◆ Exercise details
Copy out each record that follows exactly, and omit any picture you find.

※ ※ ※

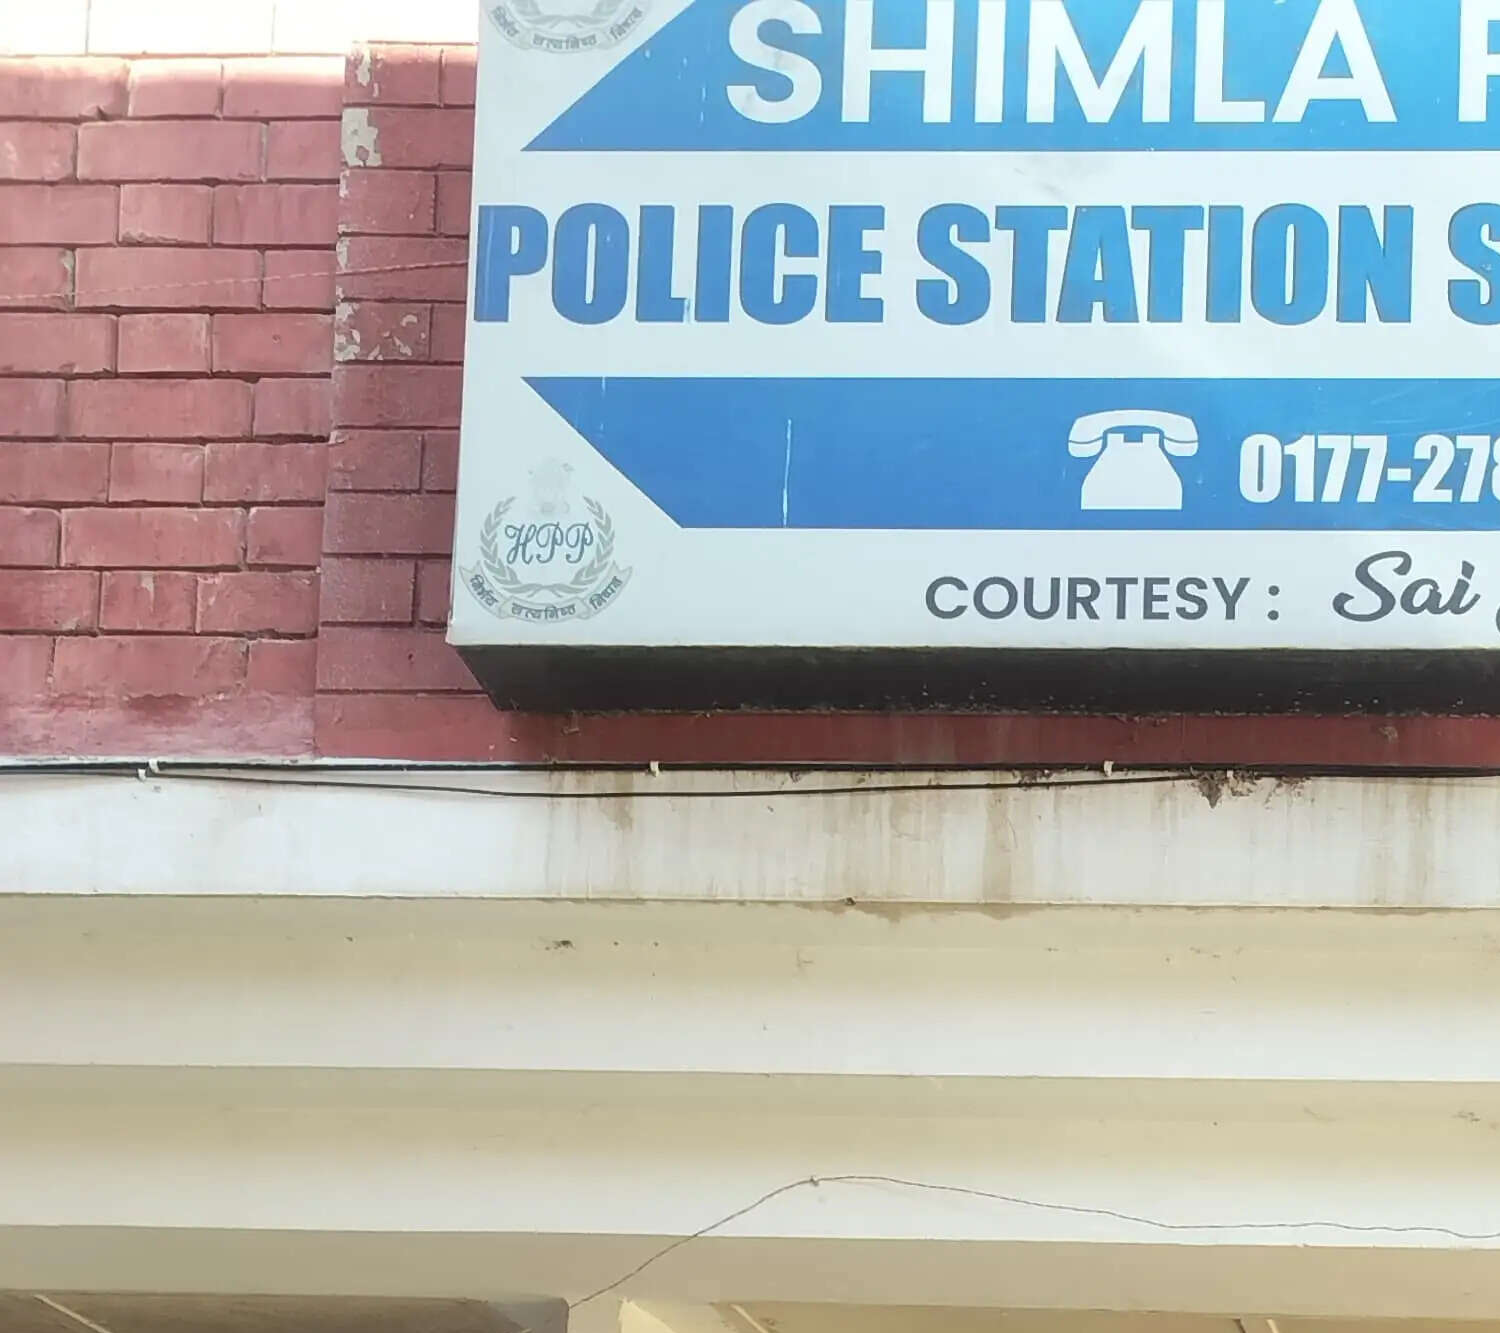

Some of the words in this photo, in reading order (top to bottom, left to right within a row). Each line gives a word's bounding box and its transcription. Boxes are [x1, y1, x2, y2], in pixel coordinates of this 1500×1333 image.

[726, 0, 1396, 123] SHIMLA
[475, 203, 885, 324] POLICE
[916, 203, 1414, 325] STATION
[1332, 550, 1481, 622] Sai

※ ※ ※

◆ Exercise output
Some of the words in this photo, in reading order (top to bottom, left to right within a row). Each line gives a word's bounding box and its transcription. Boxes are [x1, y1, x2, y2], in pixel coordinates of this 1500×1333 image.

[726, 0, 1396, 123] SHIMLA
[475, 203, 885, 324] POLICE
[916, 203, 1414, 325] STATION
[1332, 550, 1481, 622] Sai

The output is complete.